Tissue and bone regenerations are performed by clinicians to reduce periodontal pocket depth, to achieve a more favorable crown/root ratio, and to have a long-term soft tissue stability and for a proper (from a prosthetic point of view) implant placement. The available treatment options to reconstruct the tooth supporting structures include: (i) resorbable/nonresorbable barrier membrane, (ii) grafts, (iii) delivery of bioactive molecules, and (iv) different flap design that promote flap stability. Anatomical features of the defect guide the clinician in the treatment choice. Narrow and space-maintaining defects are more suitable to be treated with EMD than wide and nonspace-maintaining defects requiring membranes and filling materials for space provision and wound stabilization. Periodontal regeneration performed following the techniques cited above is an affordable and predictable therapy [44, 86]. Periodontal regeneration also allows to preserve aesthetics and masticatory function and may avoid need for replacement with implants [44, 86]. Patient’s features (nonsmoking, good oral hygiene, and maintenance) are crucial for tooth maintenance [86, 157].
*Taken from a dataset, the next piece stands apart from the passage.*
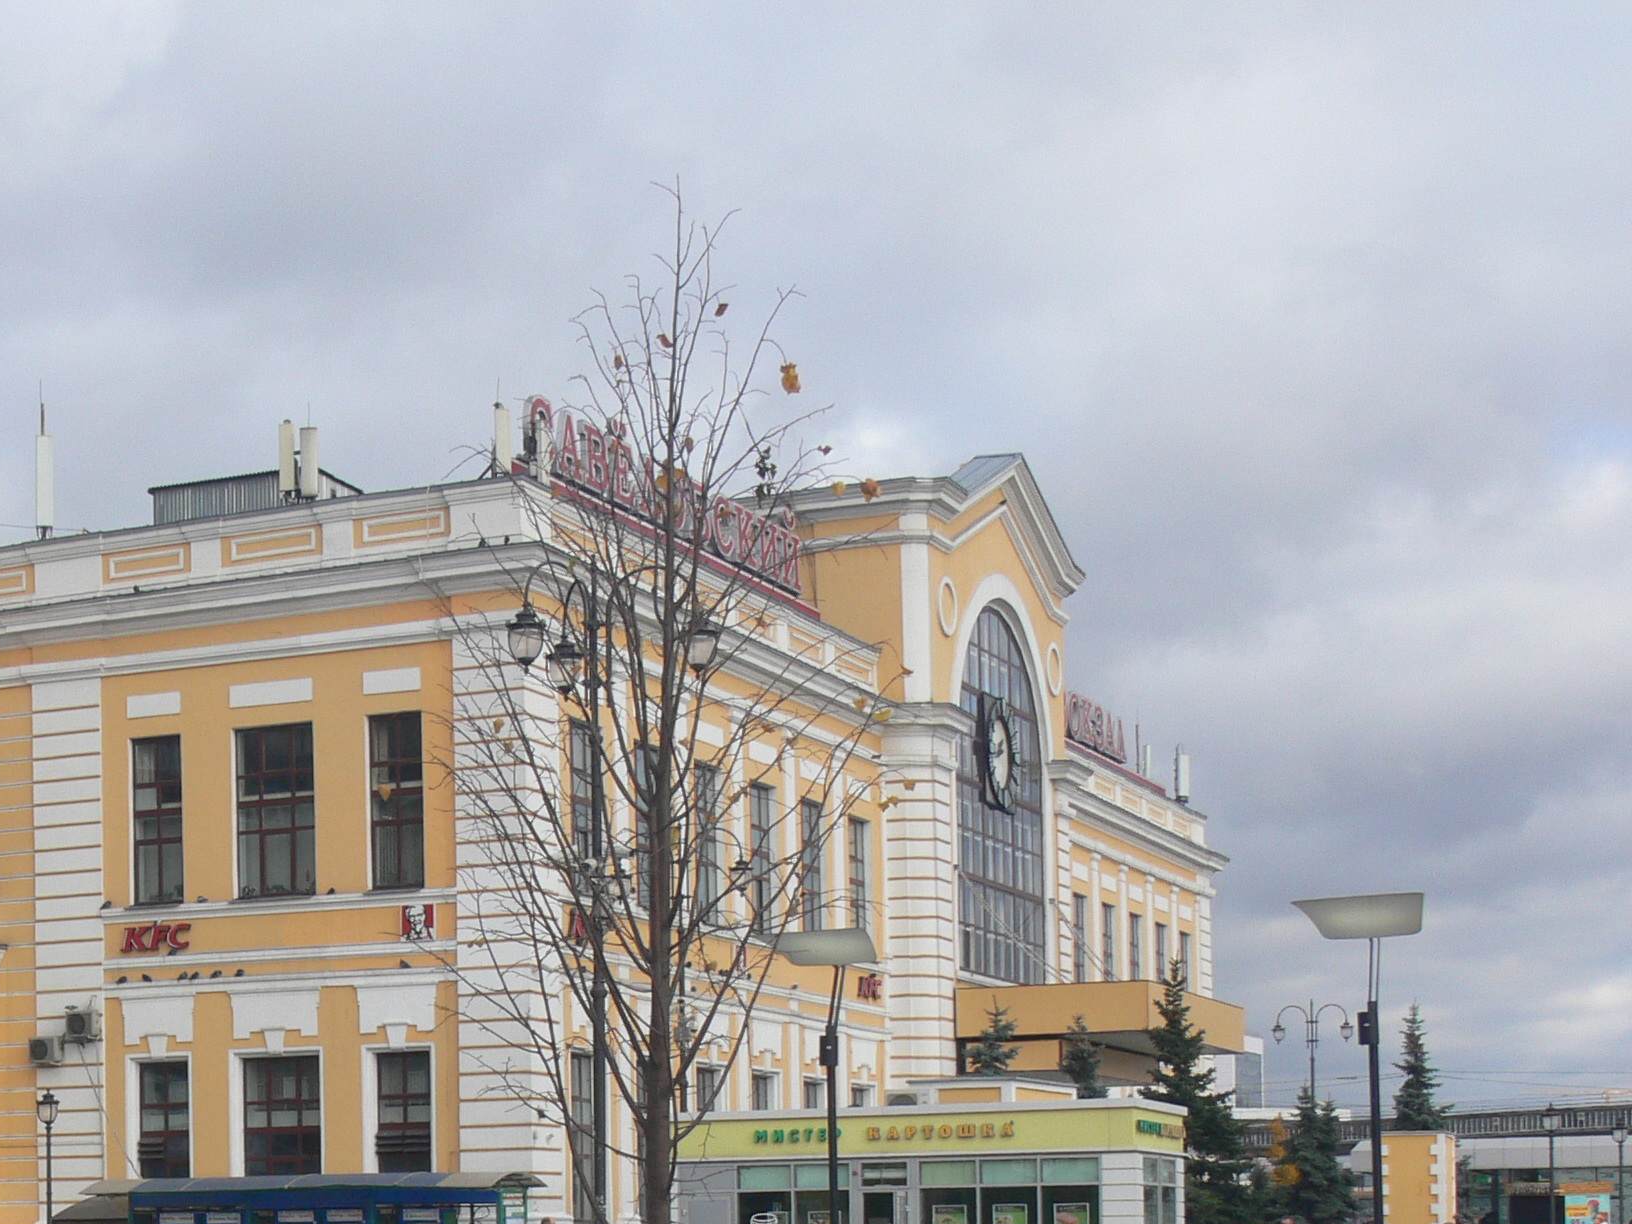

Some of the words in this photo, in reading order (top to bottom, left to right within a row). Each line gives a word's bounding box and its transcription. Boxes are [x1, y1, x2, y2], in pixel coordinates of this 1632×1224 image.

[1064, 690, 1127, 762] ОКЗАЛ
[120, 923, 191, 952] KFC
[868, 1122, 1013, 1141] КАРТОШКА
In case of severe atrophic mandibles, several techniques were proposed including: (i) resorbable/nonresorbable barrier membrane, (ii) osteosynthesis microplates, (iii) grafts and bone blocks, (iv) growth factors (i.e., BMP-2), and (v) distraction osteogenesis. To date, it is unclear which is the best alternative for vertical and horizontal bone augmentation, complications of GBR are common, and the prognosis still largely depends on ability of the operator [61]. To overcome these disadvantages, placement of short implants (<10 mm of length) in dimensionally limited alveolar ridges may be the preferred option in the treatment of many clinical cases. The efficacy of this treatment modality has been confirmed at least in the short-term period [158].

Considering the data reported previously, tooth preservation is a preferable therapeutic option whenever possible. Advances in tissue engineering technologies are quickly changing the scenario of treatment possibilities both in periodontal and implant therapy suggesting the possibility of achieving optimal and predictable tissue regeneration even in cases that could not be treated with currently available technologies.